Alabama’s new law sets up time-consuming inquisitions. It requires district attorneys to cross-examine minors who want an abortion without parental approval, and it allows DAs and lawyers for fetuses to call witnesses to testify against the pregnant girls. Under this measure, a judge can adjourn bypass hearings for long periods of time, and a judge can disclose the minor’s identity to any person who “needs to know.” If a minor’s parents become aware of a bypass hearing—which the Supreme Court intended to be confidential—the law allows the parents to participate in the hearing and be represented by a lawyer.

In other words, Alabama’s law is unprecedented. But the practice of appointing attorneys to represent fetuses in judicial bypass hearings is not. An Alabama judge tried to appoint representation for a fetus in the state’s very first bypass hearing in 1987. A 1988 Ms. cover story on that case reported that the judge, Charles Nice, reassigned an attorney who wanted to represent the minor to represent the minor’s fetus instead. The attorney refused to cooperate, and Judge Nice dropped the idea.

The fetus is way more important than the woman or girl who contains the fetus. If the fetus is born a girl…well she loses most of her importance right then and there. It’s kind of like the way a new car “depreciates” as it’s driven off the lot.

Comments

  1. brett says

    I have no idea of what judgment will come out of that imbecilic Fifth Circuit of Appeals, but this sounds like a clear violation of the “bypass” concept if the parents can be notified.

  2. iknklast says

    The lesson to girls? Don’t get pregnant unless you’re old enough to legally abort – then make sure you get pregnant in some other state, because our abortion laws have closed down most clinics.

    I SO BELIEVE the talking point that there is no war on women. Oh, yes, I so believe that…if you believe that, clap your hands! What’s this? Silence?

  3. Silentbob says

    Another example of Poe’s Law. I would have chuckled if this were in the Onion.

    How’s this attorney supposed to consult with their client? Stethoscope?

    “Kick once for yes, twice for no.”

  4. Eric MacDonald says

    I swear, if I were to live another ten thousand years, I would not understand the American legal system, in which it is possible for states to pass and enforce such laws. Why are individual states, where influence can be so easily brought to bear on second-rate legislators, allowed to pass laws that can intervene so arbitrarily in the lives of individuals? It simply beats me. And how is it possible to speak of the land of liberty where it is so easy to abridge the freedoms of citizens?

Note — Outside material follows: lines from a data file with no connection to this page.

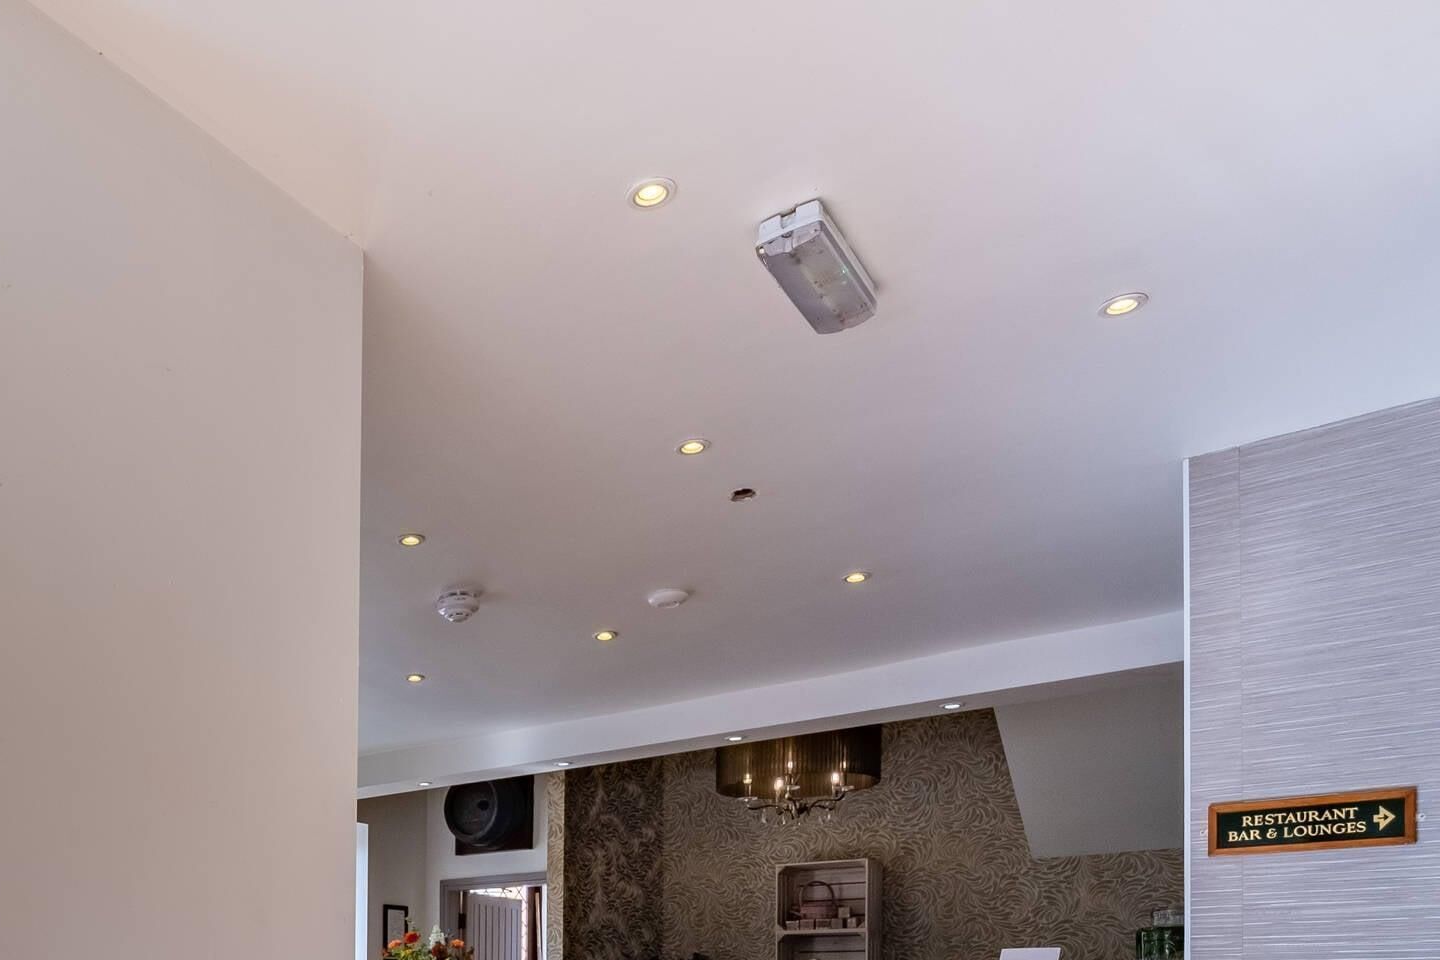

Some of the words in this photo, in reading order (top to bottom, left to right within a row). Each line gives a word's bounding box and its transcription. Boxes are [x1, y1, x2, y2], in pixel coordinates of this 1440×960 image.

[1242, 807, 1358, 827] RESTAURANT
[1228, 829, 1261, 842] BAR
[1266, 828, 1277, 839] &
[1283, 821, 1366, 838] LOUNGES
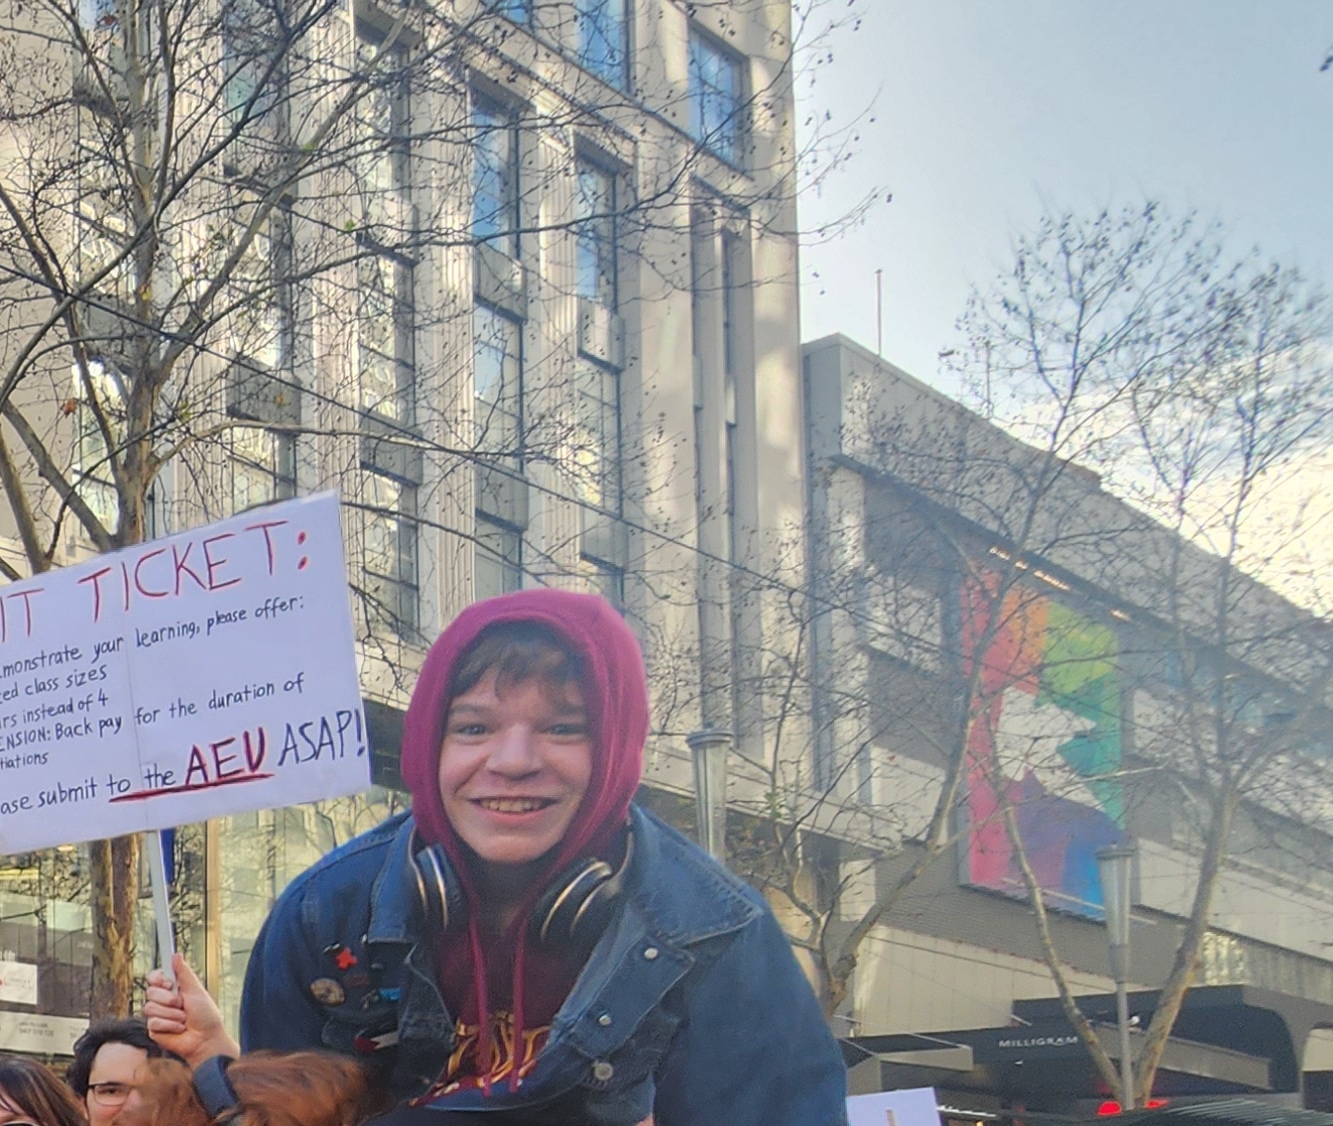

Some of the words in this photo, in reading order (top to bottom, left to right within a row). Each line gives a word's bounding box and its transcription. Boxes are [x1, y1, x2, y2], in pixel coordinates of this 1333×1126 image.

[77, 520, 307, 623] TICKET:
[93, 636, 125, 666] your
[136, 620, 201, 650] learning,
[207, 608, 248, 635] please
[254, 595, 305, 620] offer:
[22, 697, 74, 724] instead
[77, 693, 94, 714] of
[97, 691, 109, 708] 4
[25, 677, 59, 697] class
[66, 664, 109, 689] sizes
[55, 719, 94, 741] Back
[98, 715, 124, 740] pay
[135, 704, 161, 724] for
[169, 697, 199, 717] the
[208, 681, 276, 709] duration
[283, 672, 305, 696] of
[38, 777, 98, 808] submit
[106, 773, 131, 795] to
[143, 765, 177, 789] the
[184, 726, 267, 787] AEU
[277, 709, 367, 767] ASAP!
[999, 1036, 1079, 1049] MILLIGRAM

    There has never been a basis in common law for the standing of a foetus as a legal person. Indeed, to give legal personhood to a foetus is the thin edge of the wedge. Don’t forget, if a foetus of a minor is a legal person, then all foetuses are legal persons. This is a piece of legal idiocy which could yield dramatic results. Time to squelch it now.

  5. John Horstman says

    This is just such an absurd case of projection. Ignoring the issue of a person’s ansolute right to bodily autonomy for a minute, I imagine the rationale is to have a lawyer represent the fetus’s interests. But even accepting that framing, a fetus has no interests – it is not self-aware and can’t have abstract thoughts, and the ability to model abstract thoughts is required to predict/anticipate possible future events, a key piece of having any interst that isn’t a function of an immediate stimulus-response process. We might as well appoint lawyers to represent tapeworms when people wish to have them removed.

    Of course, the entire personhood debate is a derailing tactic anyway, because anyone who is universally accepted as a person still doesn’t have a right to use (let alone inhabit) a woman’s body without her consent, even if necessary for survival.